What the exercise asks: I'd like the line containing "Some of the text" and every line below it, to the end of the material, repeated exactly and with nothing else.
______________________________
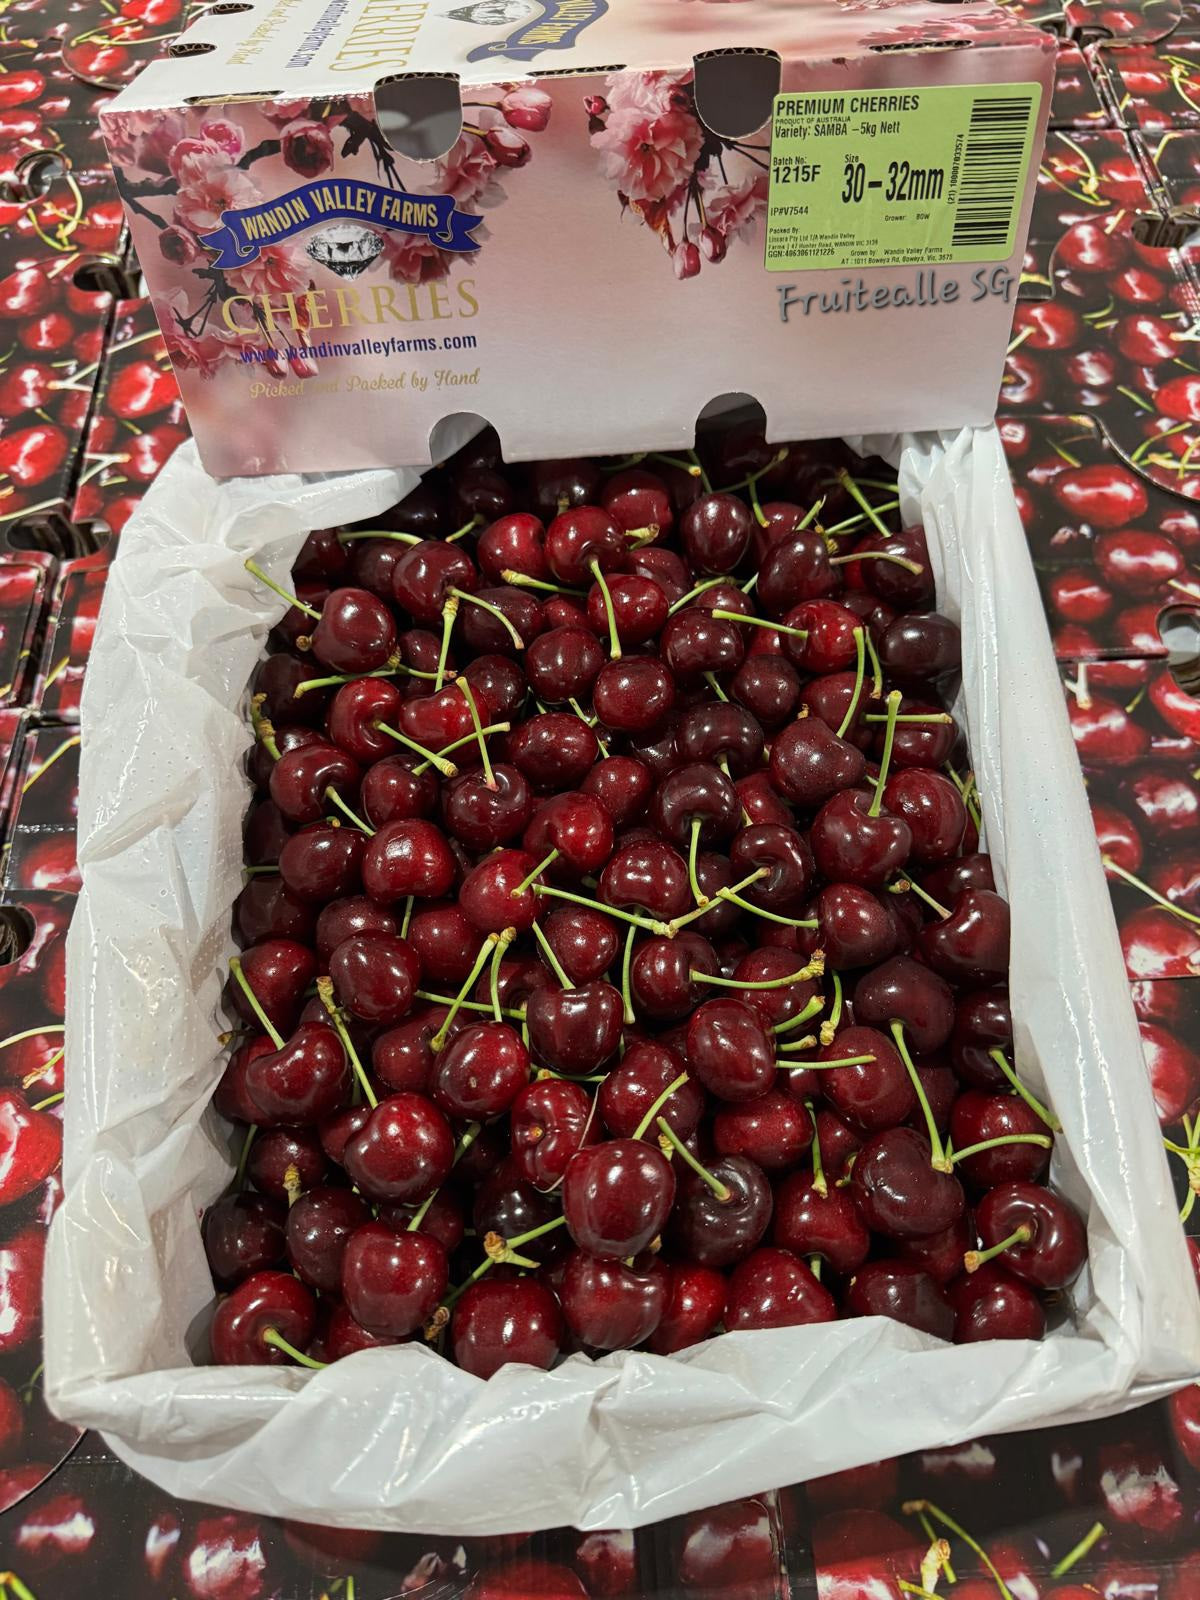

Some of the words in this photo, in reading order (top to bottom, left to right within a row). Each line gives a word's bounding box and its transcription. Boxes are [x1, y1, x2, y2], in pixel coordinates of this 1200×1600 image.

[328, 0, 430, 71] ERRIES
[776, 98, 845, 116] PREMIUM
[850, 95, 920, 113] CHERRIES
[775, 125, 811, 140] Variety:
[814, 123, 848, 137] SAMBA
[880, 121, 900, 134] Nett
[773, 157, 793, 166] Batch
[844, 153, 860, 163] Size
[772, 164, 821, 184] 1215F
[241, 196, 310, 241] WANDIN
[309, 185, 377, 213] VALLEY
[380, 196, 439, 228] FARMS
[222, 278, 480, 336] CHERRIES
[240, 333, 477, 365] www.wandinvalleyfarms.com
[249, 379, 304, 399] Picked
[347, 370, 407, 393] Packed
[411, 369, 429, 391] by
[434, 366, 481, 387] Hand
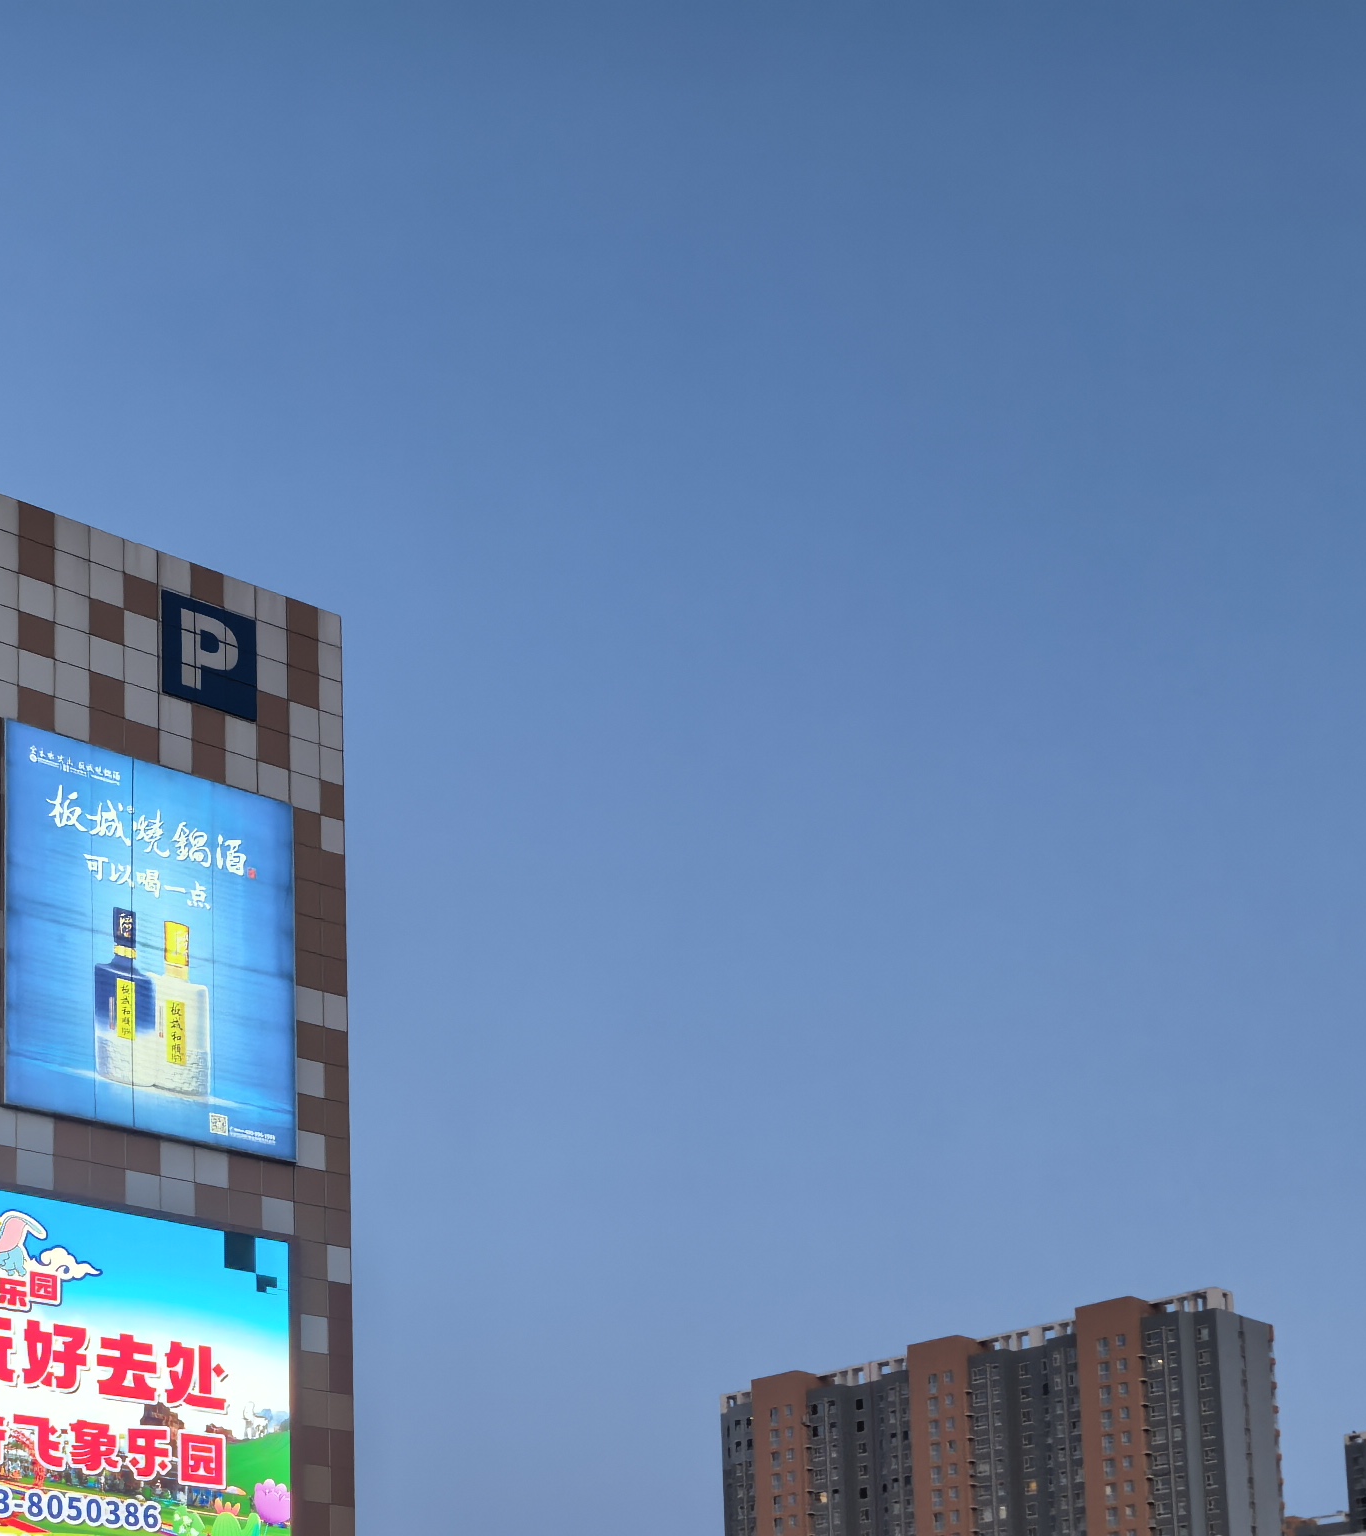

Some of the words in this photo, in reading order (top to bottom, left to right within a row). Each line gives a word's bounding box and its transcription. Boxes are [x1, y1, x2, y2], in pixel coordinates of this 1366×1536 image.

[181, 606, 239, 691] P
[83, 853, 211, 910] 可以喝一点
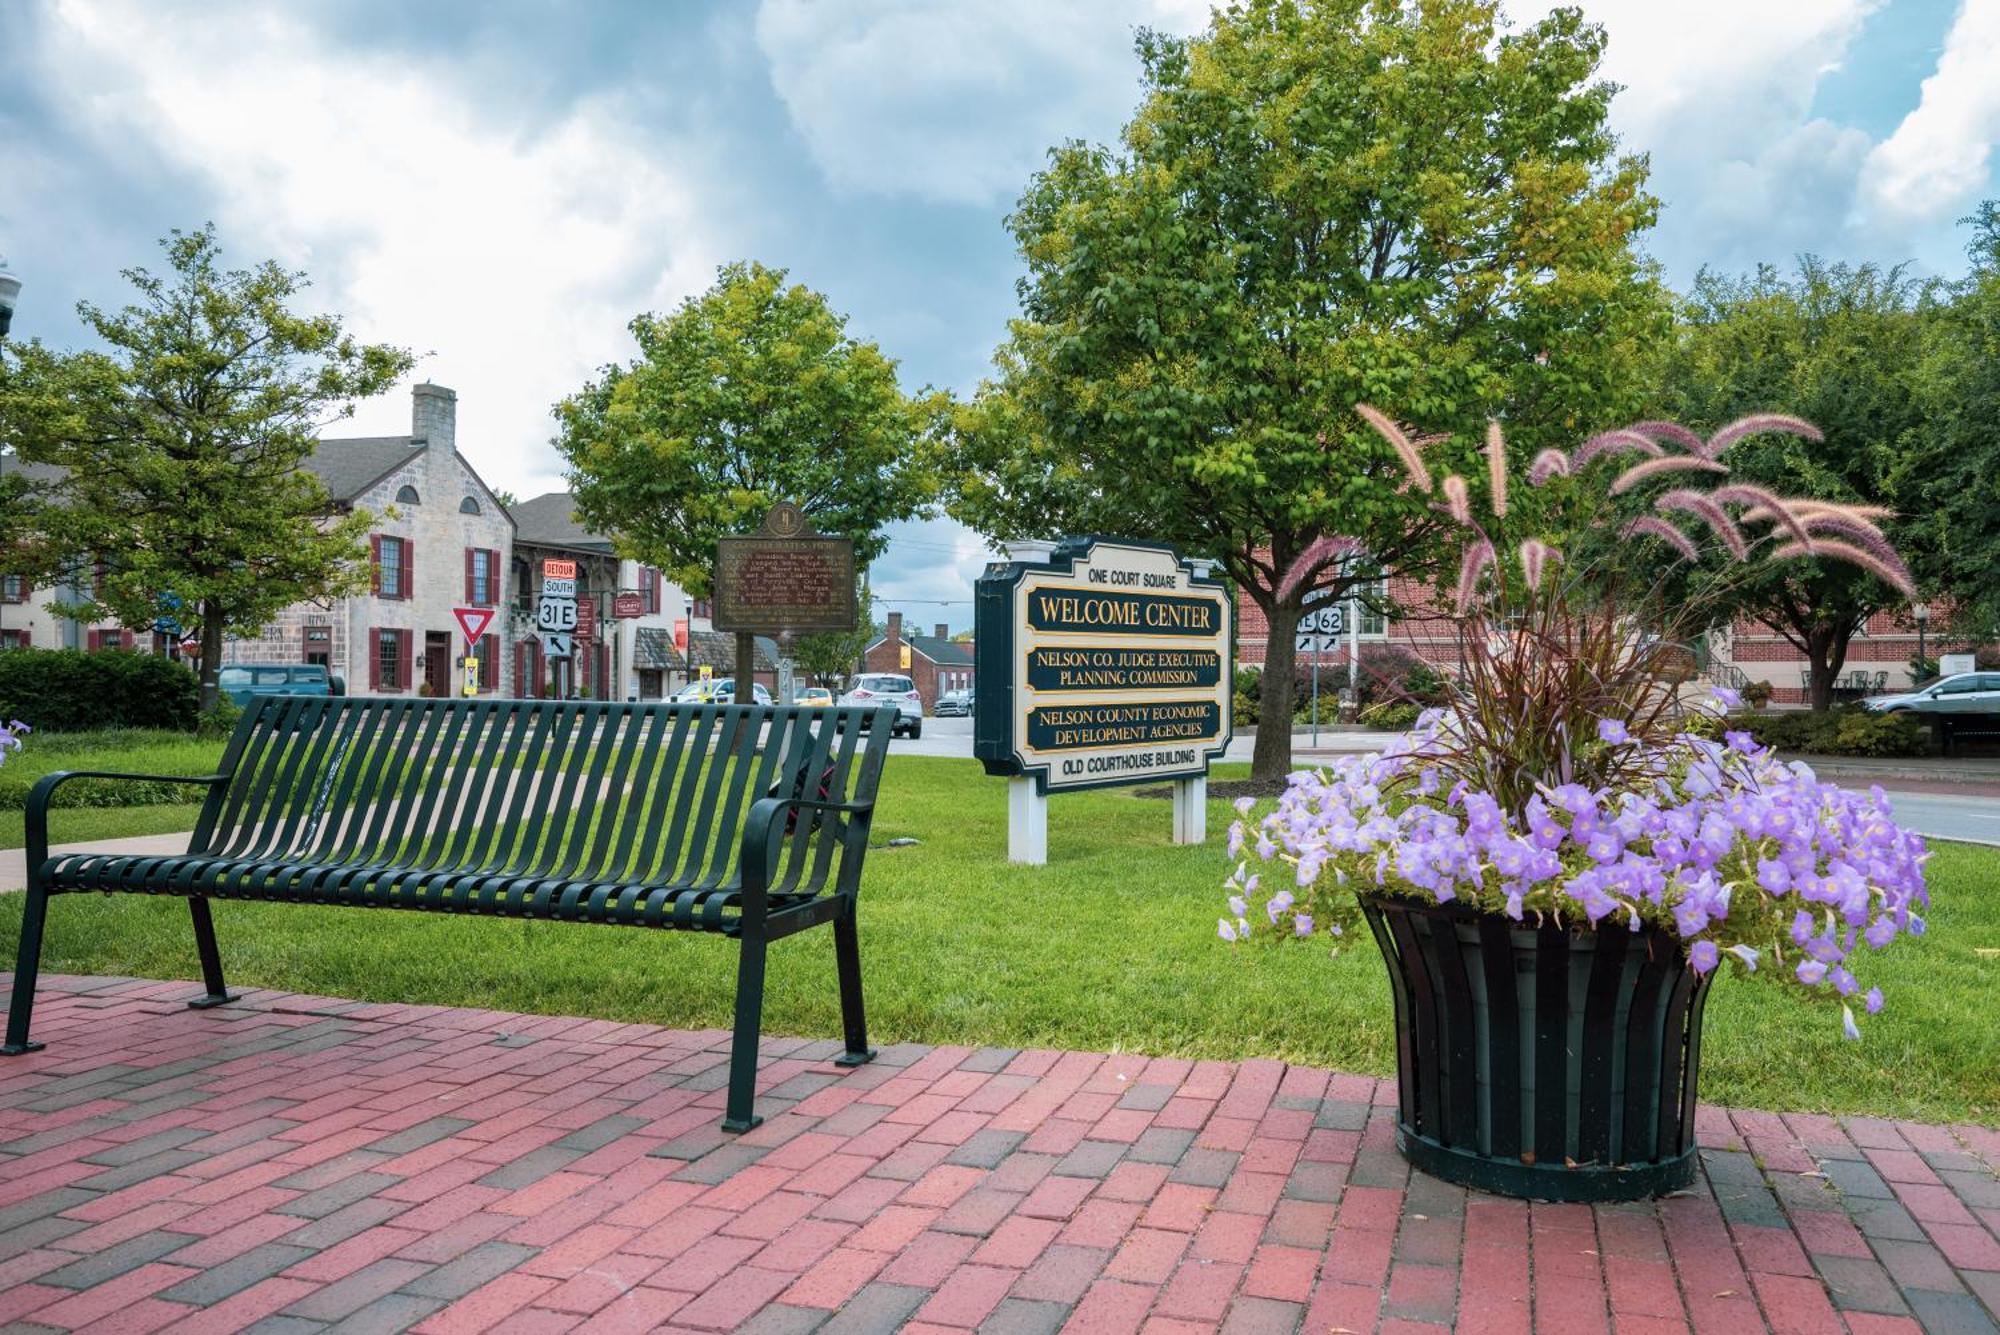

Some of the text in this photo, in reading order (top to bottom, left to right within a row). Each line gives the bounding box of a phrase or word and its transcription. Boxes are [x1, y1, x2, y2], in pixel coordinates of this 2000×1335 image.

[546, 563, 574, 575] DETOUR
[546, 580, 573, 593] SOUTH
[1088, 568, 1176, 589] ONE COURT SQUARE
[1039, 596, 1211, 629] WELCOME CENTER
[1321, 613, 1340, 629] 62
[1037, 652, 1217, 667] NELSON CO. JUDGE EXECUTIVE
[1060, 670, 1198, 685] PLANNING COMMISSION
[1039, 705, 1211, 727] NELSON COUNTY ECONOMIC
[1055, 722, 1203, 745] DEVELOPMENT AGENCIES
[1062, 749, 1196, 775] OLD COURTHOUSE BUILDING
______________________________
Answer section:
Some of the text in this photo, in reading order (top to bottom, left to right within a row). Each line gives the bounding box of a phrase or word and its transcription. Boxes are [x1, y1, x2, y2], in pixel coordinates of this 2000×1335 image.

[546, 563, 574, 575] DETOUR
[546, 580, 573, 593] SOUTH
[1088, 568, 1176, 589] ONE COURT SQUARE
[1039, 596, 1211, 629] WELCOME CENTER
[1321, 613, 1340, 629] 62
[1037, 652, 1217, 667] NELSON CO. JUDGE EXECUTIVE
[1060, 670, 1198, 685] PLANNING COMMISSION
[1039, 705, 1211, 727] NELSON COUNTY ECONOMIC
[1055, 722, 1203, 745] DEVELOPMENT AGENCIES
[1062, 749, 1196, 775] OLD COURTHOUSE BUILDING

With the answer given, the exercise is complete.